Aim of the exercise ::
Write out each line below precisely, passing over the pictures.

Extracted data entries
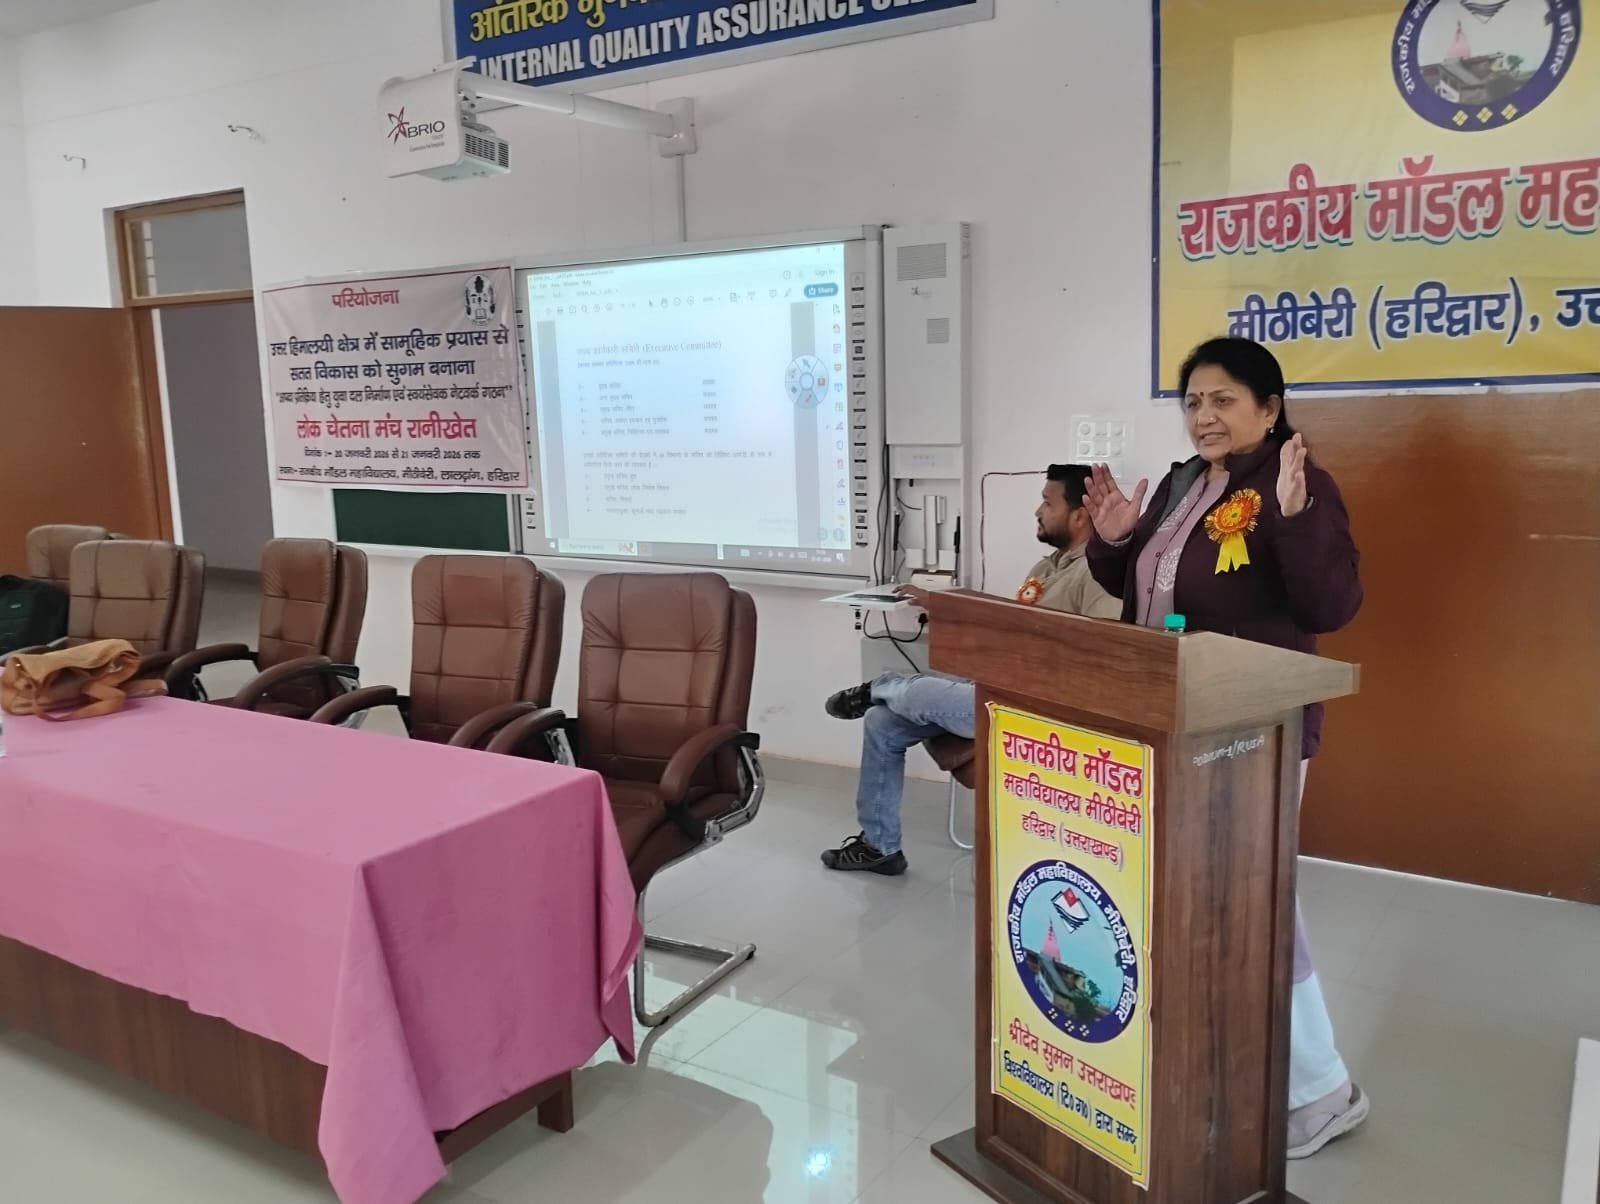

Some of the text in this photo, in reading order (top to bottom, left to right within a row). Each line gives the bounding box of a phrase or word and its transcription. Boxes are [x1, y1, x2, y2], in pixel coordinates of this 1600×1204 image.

[479, 38, 585, 83] INTERNAL
[589, 15, 691, 69] QUALITY
[1179, 162, 1357, 258] राजकीय
[1367, 155, 1511, 242] मॉडल
[332, 286, 401, 308] परियोजना
[1227, 286, 1357, 342] मीठीबेरी
[289, 334, 333, 356] हिमालयी
[337, 333, 360, 352] क्षेत्र
[363, 331, 379, 351] में
[380, 328, 441, 356] सामूहिक
[446, 329, 488, 350] प्रयास
[492, 324, 509, 345] से
[290, 360, 476, 385] सतत विकास को सुगम बनाना
[296, 410, 477, 440] लोक चेतना मंच रानीखेत
[324, 466, 347, 478] मॉडल
[487, 468, 520, 482] हरिद्वार
[392, 447, 400, 459] से
[411, 447, 440, 459] जनवरी
[464, 450, 480, 459] तक
[1002, 731, 1142, 797] राजकीय मॉडल
[1003, 772, 1082, 814] महाविद्यालय
[1022, 811, 1124, 872] हरिद्वार (उत्तराखण्ड)
[1015, 872, 1039, 903] मॉडल
[1008, 903, 1025, 965] राजकीय
[1009, 1017, 1039, 1055] श्रीदेव
[1041, 1040, 1074, 1074] सुमन
[1003, 1050, 1054, 1098] विश्वविद्यालय
[1095, 1108, 1113, 1134] द्वारा
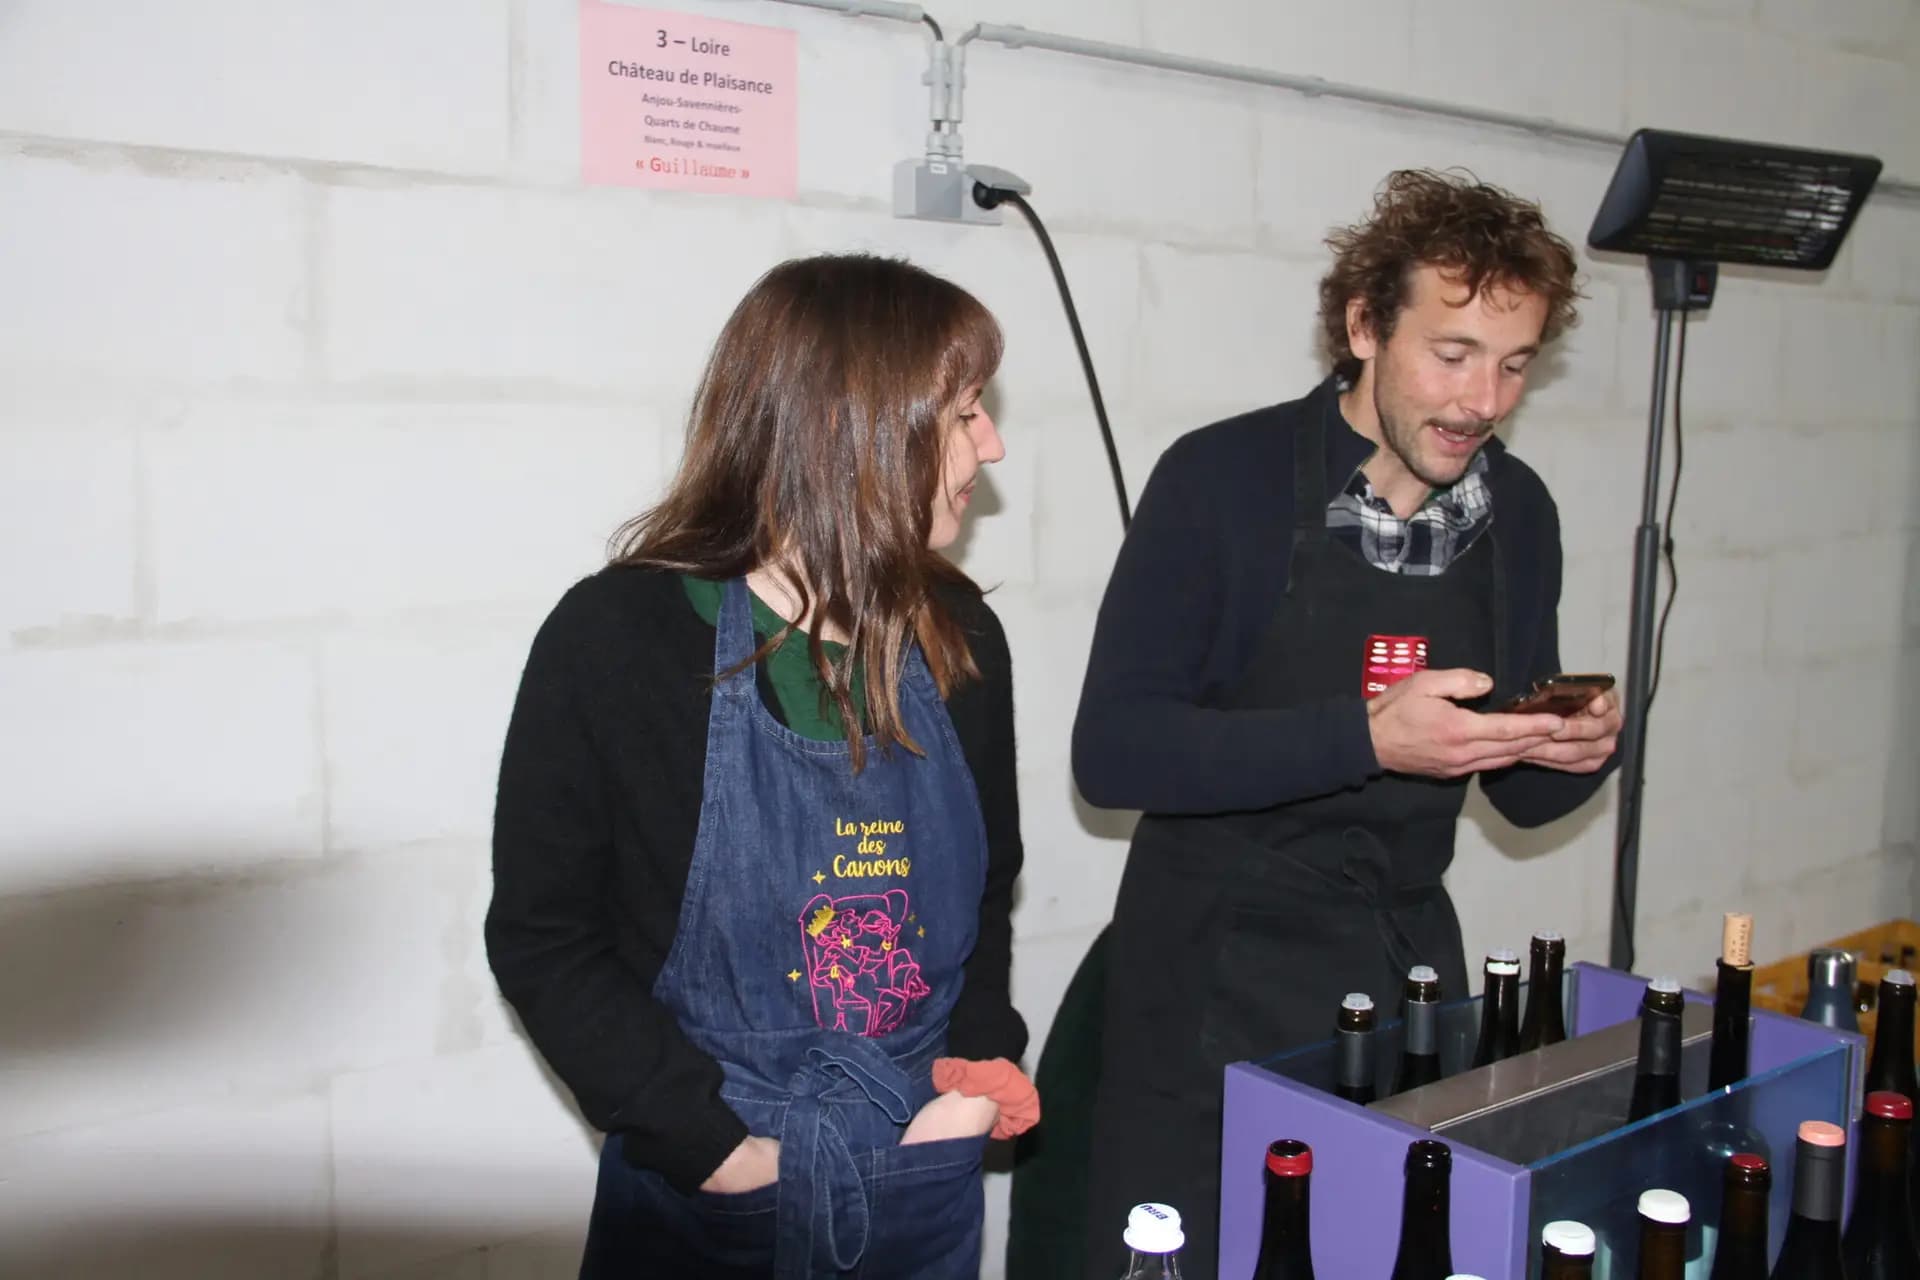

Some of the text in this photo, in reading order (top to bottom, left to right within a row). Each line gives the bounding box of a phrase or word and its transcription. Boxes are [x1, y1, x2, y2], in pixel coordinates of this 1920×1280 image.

Your response ::
Some of the text in this photo, in reading order (top to bottom, left to right within a row). Each line gives the bounding box of a phrase or word and its transcription. Boxes are [x1, y1, x2, y2], in pixel coordinates of this 1600×1204 image.

[479, 38, 585, 83] INTERNAL
[589, 15, 691, 69] QUALITY
[1179, 162, 1357, 258] राजकीय
[1367, 155, 1511, 242] मॉडल
[332, 286, 401, 308] परियोजना
[1227, 286, 1357, 342] मीठीबेरी
[289, 334, 333, 356] हिमालयी
[337, 333, 360, 352] क्षेत्र
[363, 331, 379, 351] में
[380, 328, 441, 356] सामूहिक
[446, 329, 488, 350] प्रयास
[492, 324, 509, 345] से
[290, 360, 476, 385] सतत विकास को सुगम बनाना
[296, 410, 477, 440] लोक चेतना मंच रानीखेत
[324, 466, 347, 478] मॉडल
[487, 468, 520, 482] हरिद्वार
[392, 447, 400, 459] से
[411, 447, 440, 459] जनवरी
[464, 450, 480, 459] तक
[1002, 731, 1142, 797] राजकीय मॉडल
[1003, 772, 1082, 814] महाविद्यालय
[1022, 811, 1124, 872] हरिद्वार (उत्तराखण्ड)
[1015, 872, 1039, 903] मॉडल
[1008, 903, 1025, 965] राजकीय
[1009, 1017, 1039, 1055] श्रीदेव
[1041, 1040, 1074, 1074] सुमन
[1003, 1050, 1054, 1098] विश्वविद्यालय
[1095, 1108, 1113, 1134] द्वारा

Some of the text in this photo, in reading order (top to bottom, left to right within a row). Each line gives the bounding box of a phrase or word and its transcription. Boxes are [x1, y1, x2, y2], in pixel coordinates of this 1920×1280 image.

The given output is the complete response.